All of the records below are to be printed exactly; the pictures are to be left out.

▶ Collected data entries
================================

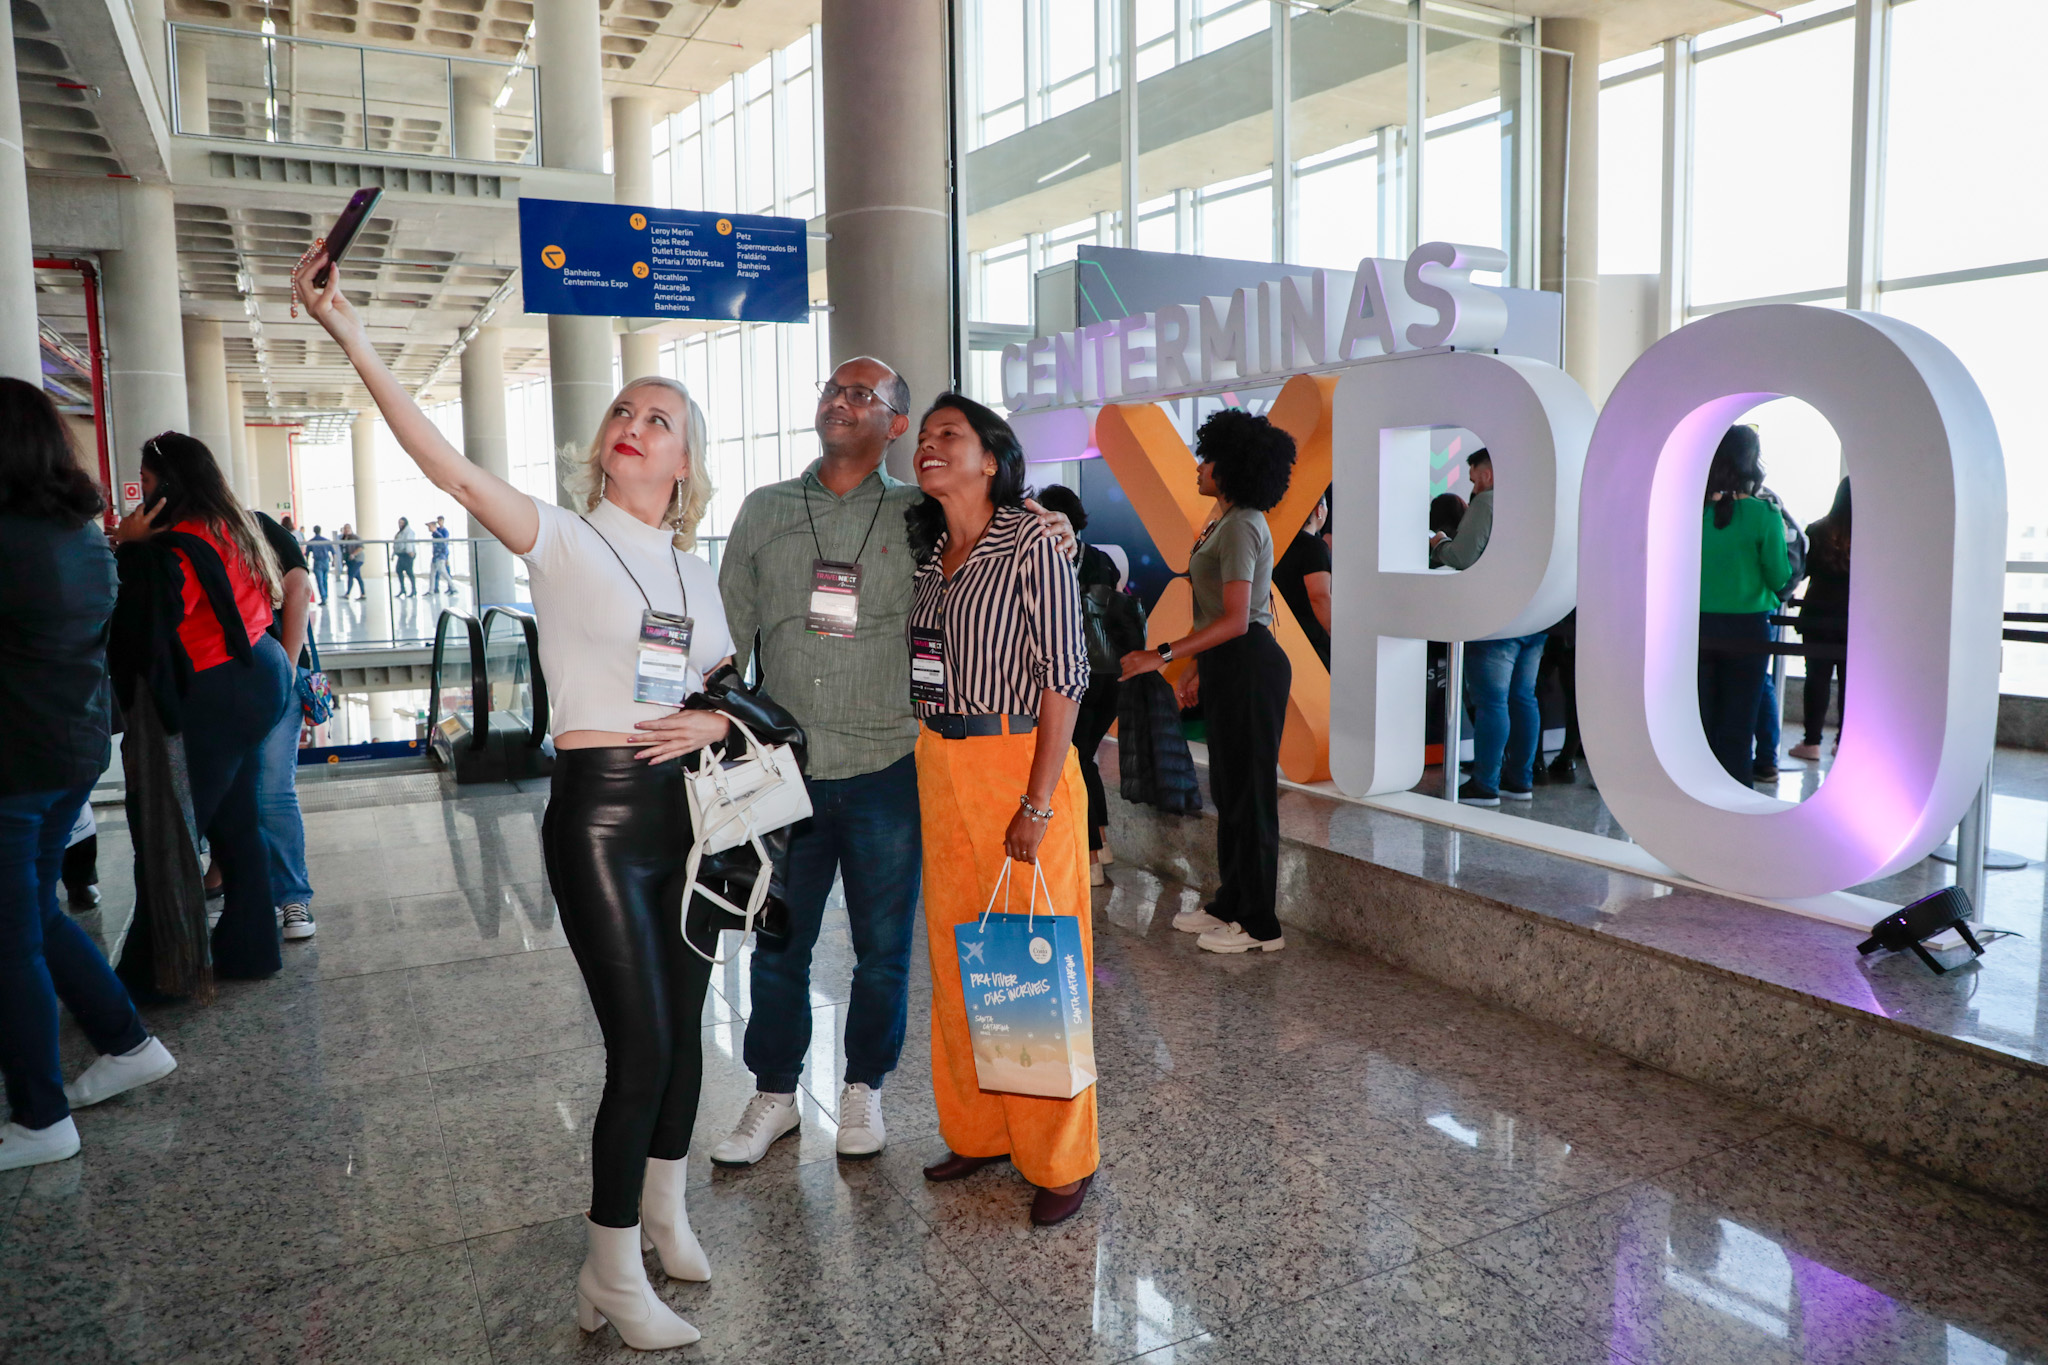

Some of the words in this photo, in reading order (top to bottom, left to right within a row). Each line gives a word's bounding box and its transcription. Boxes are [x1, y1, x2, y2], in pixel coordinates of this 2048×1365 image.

[651, 227, 670, 236] Leroy
[672, 228, 693, 236] Merlin
[736, 232, 751, 240] Petz
[651, 237, 670, 246] Lojas
[672, 238, 689, 246] Rede
[736, 242, 786, 252] Supermercados
[652, 247, 673, 255] Outlet
[675, 248, 709, 257] Electrolux
[737, 252, 766, 260] Fraldário
[652, 257, 680, 265] Portaria
[686, 258, 701, 266] 1001
[702, 259, 724, 267] Festas
[737, 262, 770, 270] Banheiros
[563, 268, 601, 277] Banheiros
[653, 273, 688, 281] Decathlon
[737, 270, 759, 279] Araujo
[563, 278, 609, 287] Centerminas
[611, 280, 628, 289] Expo
[654, 283, 690, 293] Atacarejão
[654, 293, 695, 301] Americanas
[654, 302, 690, 311] Banheiros
[1001, 241, 1508, 413] CENTERMINAS
[1002, 304, 2008, 900] XPO
[970, 973, 991, 988] PRA
[1071, 996, 1082, 1024] SANTA
[975, 1015, 993, 1023] SANTA

================================

▶ Result of this task
Some of the words in this photo, in reading order (top to bottom, left to right within a row). Each line gives a word's bounding box and its transcription. Boxes are [x1, y1, x2, y2], in pixel coordinates of this 2048×1365 image.

[651, 227, 670, 236] Leroy
[672, 228, 693, 236] Merlin
[736, 232, 751, 240] Petz
[651, 237, 670, 246] Lojas
[672, 238, 689, 246] Rede
[736, 242, 786, 252] Supermercados
[652, 247, 673, 255] Outlet
[675, 248, 709, 257] Electrolux
[737, 252, 766, 260] Fraldário
[652, 257, 680, 265] Portaria
[686, 258, 701, 266] 1001
[702, 259, 724, 267] Festas
[737, 262, 770, 270] Banheiros
[563, 268, 601, 277] Banheiros
[653, 273, 688, 281] Decathlon
[737, 270, 759, 279] Araujo
[563, 278, 609, 287] Centerminas
[611, 280, 628, 289] Expo
[654, 283, 690, 293] Atacarejão
[654, 293, 695, 301] Americanas
[654, 302, 690, 311] Banheiros
[1001, 241, 1508, 413] CENTERMINAS
[1002, 304, 2008, 900] XPO
[970, 973, 991, 988] PRA
[1071, 996, 1082, 1024] SANTA
[975, 1015, 993, 1023] SANTA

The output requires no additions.